Specific phosphate contacts

All five hydrogen bonds that were specific to Conformation A in the crystal structure were accessible to Conformation B. The Arg 31-Ade 3* contact is favored in Conformation A. The position of Arg 31 is stabilized through a hydrogen bond with Glu 42 in Conformation A (Figure S4F, Figure 6A,B). The contact between Tyr 25 and Thy 6* phosphate is restricted to Conformation B in the solution simulation (Figure S4G, Figure 6C,D). This contact was accessible to both conformations in the crystal structure.

Position of the homeodomain with respect to the DNA

Clearly different contacts persist between conformations A and B through the 50 ns of the solution simulation. As mentioned, the DNA is highly flexible during the simulation indicating DNA bending cannot explain the conformational differences. Instead the overall positioning of the homeodomain of Pdx1 relative to the DNA differs for the two conformations, as indicated by the distance between Asn 51 CA and Ade 3 N7 (Conformation A : 8.0±0.7 Å; conformation B: 6.4±0.4 Å) (Figure 5C) and the width of the major groove, measured as the distance between the phosphate of Cyt 7* and Thy 1 (Conf A 18.6±0.8 Å, Conf B 20.1±1.0 Å, defined from the atom centers without subtracting 5.8 Å for the phosphorous van der Waals radius) (Figure 5D). Helix 3 is bound deeper in the major groove in conformation B allowing Asn 51 to contact Ade 3 N7 directly, which may account for the wider major groove (Figure 4A, 5A).

The difference in the positioning of the homeodomain between the conformations was not apparent in the crystal structure: the distance between Asn 51 CA and Ade 3 N7 was about 6.2 Å for both conformations. The major groove width (Cyt 7* P – Thy 1 P) was different: 19.4 Å in Conformation A and 20.8 Å in Conformation B. During the crystal structure simulation, the distance between helix 3 and Ade 3 varies between 6 and 8 Å in conformation A, and between 6 and 7 Å in conformation B. The constraints of the crystal packing therefore prevented repositioning of the homeodomain.

Discussion

The MD simulation

MD has been applied to DNA/homeodomain complexes previously to study protein-DNA and water mediated contacts [73], the role of salt bridges [74], the role of residue 50 [75], [76], folding properties of the N-terminal arm [77], and other studies [67], [78], [79], [80], [81]. In general these simulations are initiated from a unique structure, assuming that the simulation will explore the relevant conformational space.
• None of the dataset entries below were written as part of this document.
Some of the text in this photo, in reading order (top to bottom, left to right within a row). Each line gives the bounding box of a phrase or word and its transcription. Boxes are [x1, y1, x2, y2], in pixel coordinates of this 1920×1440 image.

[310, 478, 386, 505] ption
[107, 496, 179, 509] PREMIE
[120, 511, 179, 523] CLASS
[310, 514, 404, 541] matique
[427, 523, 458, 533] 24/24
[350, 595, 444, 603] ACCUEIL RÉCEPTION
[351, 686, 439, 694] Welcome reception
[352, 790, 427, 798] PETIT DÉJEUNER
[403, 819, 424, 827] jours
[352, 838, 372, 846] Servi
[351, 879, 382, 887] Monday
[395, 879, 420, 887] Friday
In the current study we applied MD to investigate two distinct DNA binding conformations of the Pdx1 homeodomain to determine if the differences were the result of crystal packing. Simulations were carried out in the context of a crystal unit cell and in solution. The solution simulations generated two different conformations of the Pdx1/DNA complex depending on the initial conformation derived from the crystal structure. Both conformations were stable during the 50 ns simulation. The current study demonstrates the real possibility of multiple stable conformations that are not accessible during limited simulation times.
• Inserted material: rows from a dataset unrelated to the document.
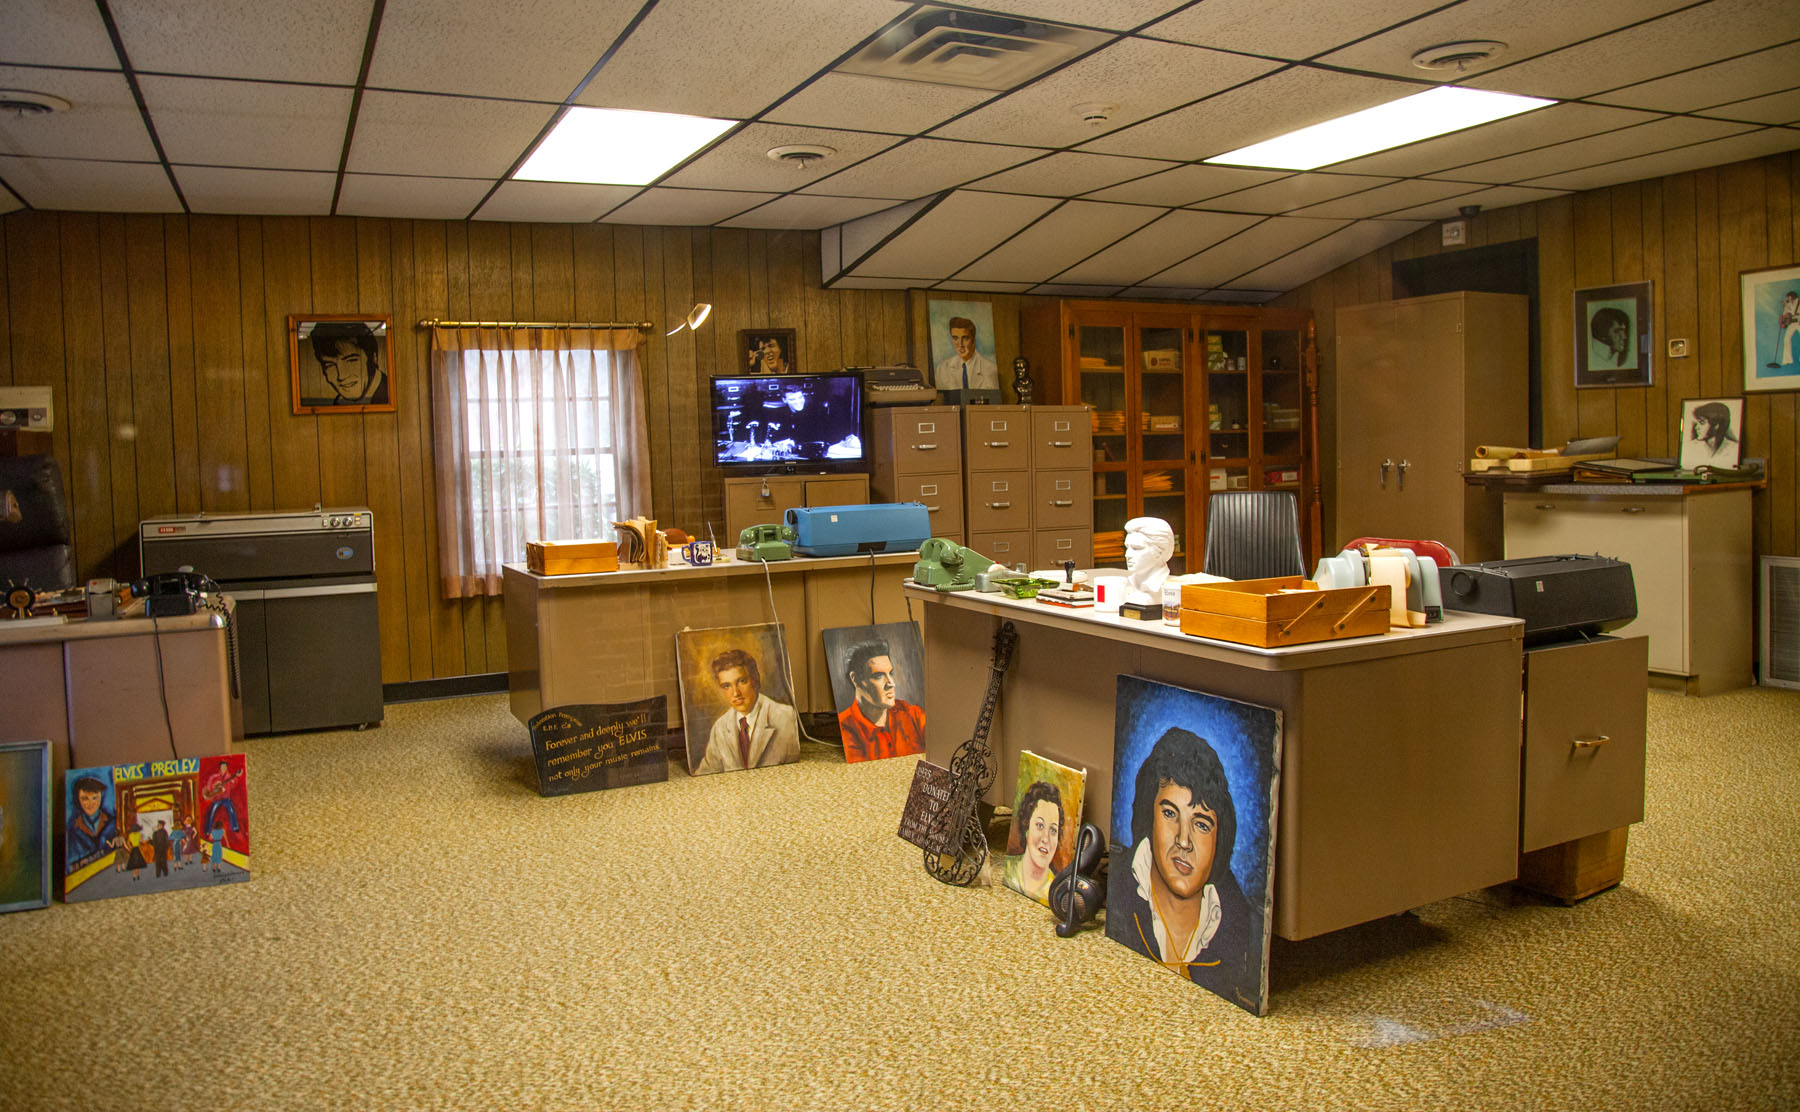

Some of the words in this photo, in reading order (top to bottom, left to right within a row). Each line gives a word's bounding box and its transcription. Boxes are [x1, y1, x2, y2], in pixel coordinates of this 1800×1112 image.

[545, 734, 578, 751] Forever
[580, 728, 594, 741] and
[596, 721, 624, 738] deeply
[626, 713, 647, 727] we'll
[547, 747, 593, 767] remember
[594, 742, 614, 760] you
[618, 729, 647, 746] ELVIS
[115, 764, 144, 780] ELVIS
[151, 759, 196, 777] PRESLEY
[548, 771, 562, 782] not
[564, 766, 581, 781] only
[581, 760, 603, 778] your
[605, 754, 628, 766] music
[929, 800, 939, 812] TO
The AMBER force field ff99SB [57], [58] used in the simulations reported in this work is considered state-of-the-art, and includes several refinements for DNA simulations [59], [82], [83], [84]. Present computer capabilities allow fully atomistic simulations, minimizing artifacts. The DNA and protein in these simulations are fully solvated with explicit waters; in a relatively large box under periodic boundary conditions (as opposed to spherical water clusters that may experience various surface potential discontinuities at the cluster-vacuum or cluster-continuum interface [85], [86]); with a correct treatment of electrostatics [87], [88]. Crystal simulations at constant pressure and temperature (NPT) that reproduce the crystallographic cell and symmetries have traditionally been used to test and tune force fields, as they allow direct comparison with experiments, and will also reproduce packing effects [52], [53], [54], [55], [89], [90], [91], [92].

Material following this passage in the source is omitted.